Jika sebelum itu dia berjalan seorang diri, tidak mau bertawasul kepada para pendahulunya, tidak pernah ingat kepada Rasul dan para pengikutnya, tidak tabarrukan kepada para Auliya’ Allah, tidak mengharapkan syafa’at Nabinya, tidak mengakui jerih payah orang yang telah mempunyai kepedulian agamanya, maka setelah dihidupkan lagi di alam kubur itu, dia akan sendirian dengan siksa kubur yang sudah disiapkan baginya.
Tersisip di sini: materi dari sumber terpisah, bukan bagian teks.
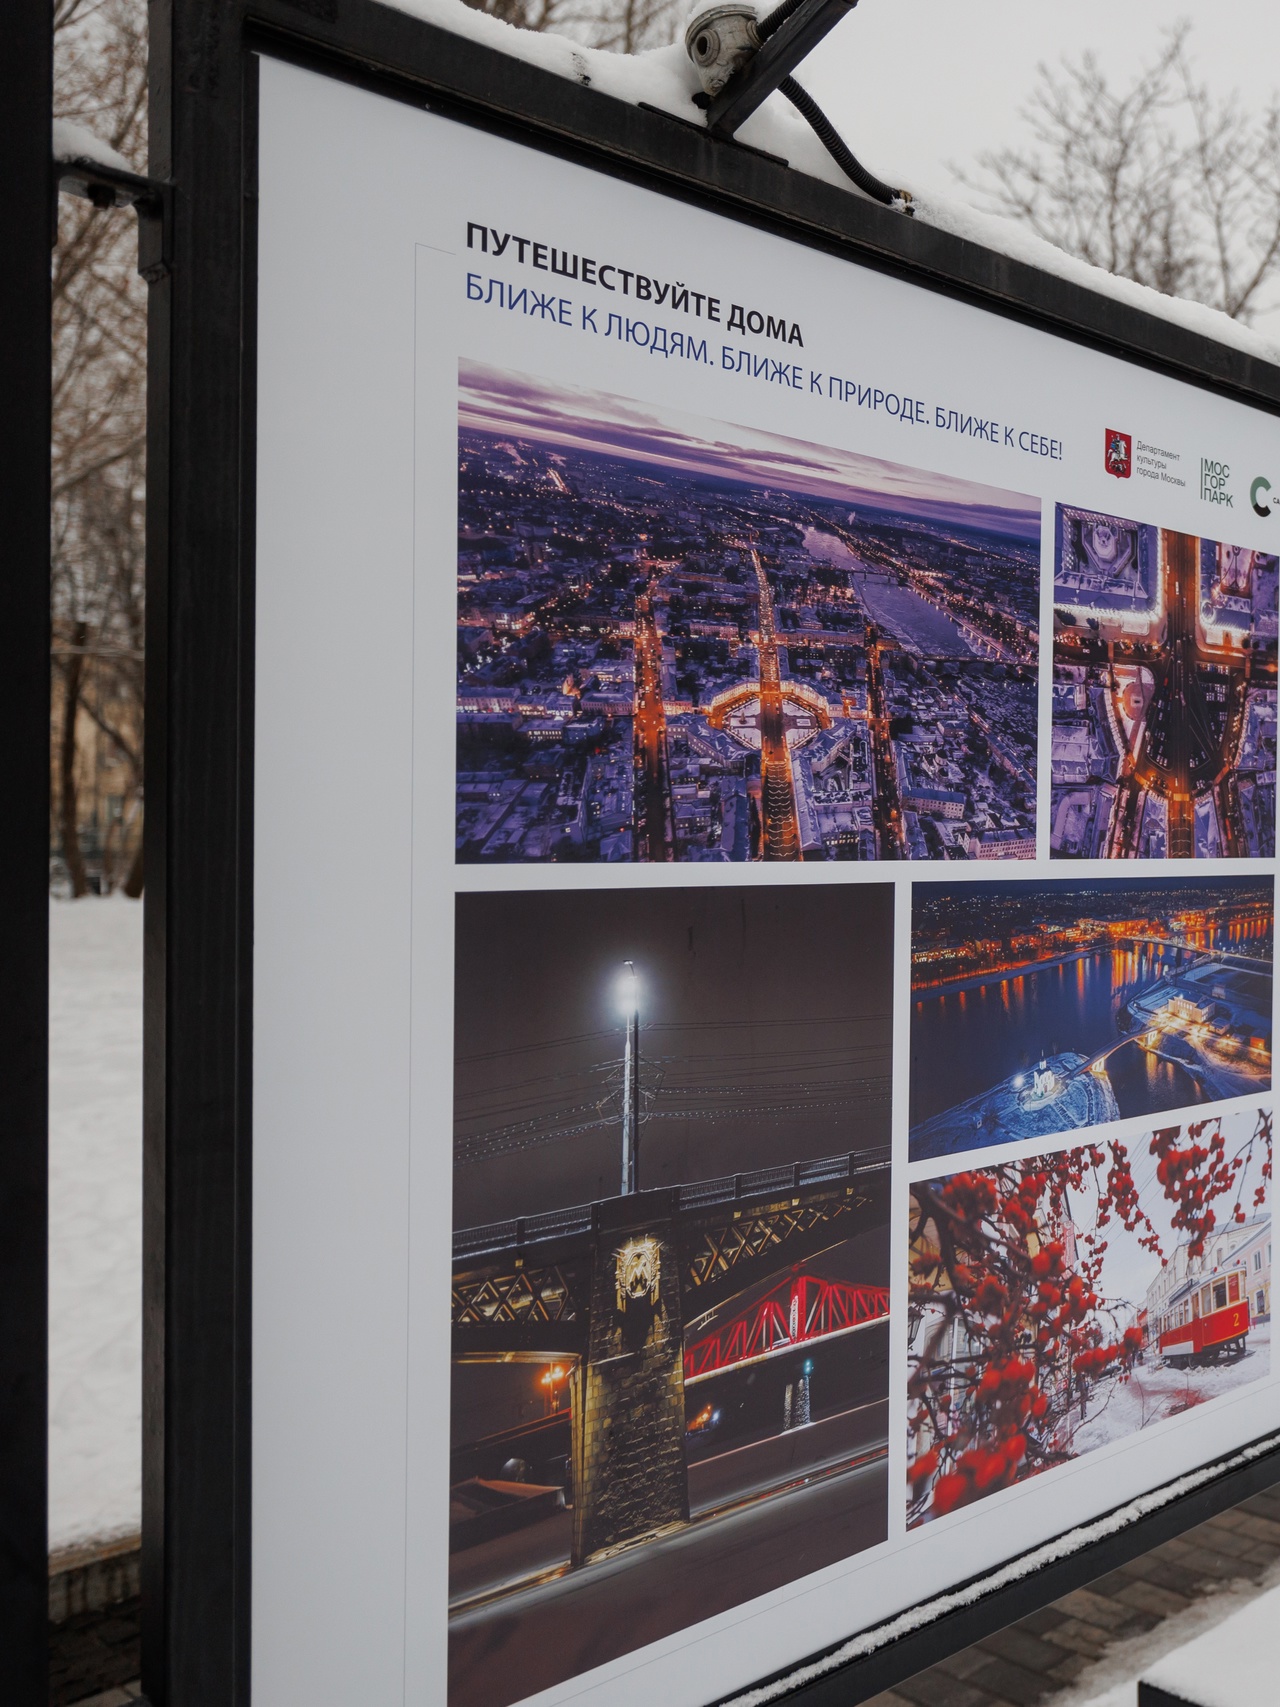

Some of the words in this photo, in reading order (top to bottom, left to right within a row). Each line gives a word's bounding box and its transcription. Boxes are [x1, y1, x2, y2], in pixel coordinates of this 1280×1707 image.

Adapun orang-orang yang mau bertawasul kepada Nabi dan kepada para wali, kepada guru-guru mursyid yang telah membimbing perjalanan ruhaninya. Sebagai buah ibadah itu, sejak di alam barzah dia menuai apa yang selama ini ditanam di dunia. Oleh karena selama hidupnya di dunia selalu bersama-sama dengan mereka, maka sejak itu sampai dengan di akherat, akan kembali bersama-sama pula. Firman Allah dalam QS. an-Nisa’ ayat 69 yang artinya: “Barangsiapa yang mentaati Allah dan Rasul-Nya, mereka itu akan bersama-sama dengan orang-orang yang dianugerahi kenikmatan dari Allah, yaitu para Nabi, para Shiddiq…,(sampai akhir ayat)“
Namun demikian, kebersamaan di akherat tersebut, tidaklah pada tingkat derajat yang sama—karena yang dimaksudkan dengan an-Nabiyyin, ash-Shiddiqqin, asy-Syuhada’ dan ash-Sholihin, adalah tingkat derajat seorang hamba di hadapan Tuhannya. Mereka masing-masing akan mendapat fasilitas untuk bisa saling bertemu dan berkomunikasi.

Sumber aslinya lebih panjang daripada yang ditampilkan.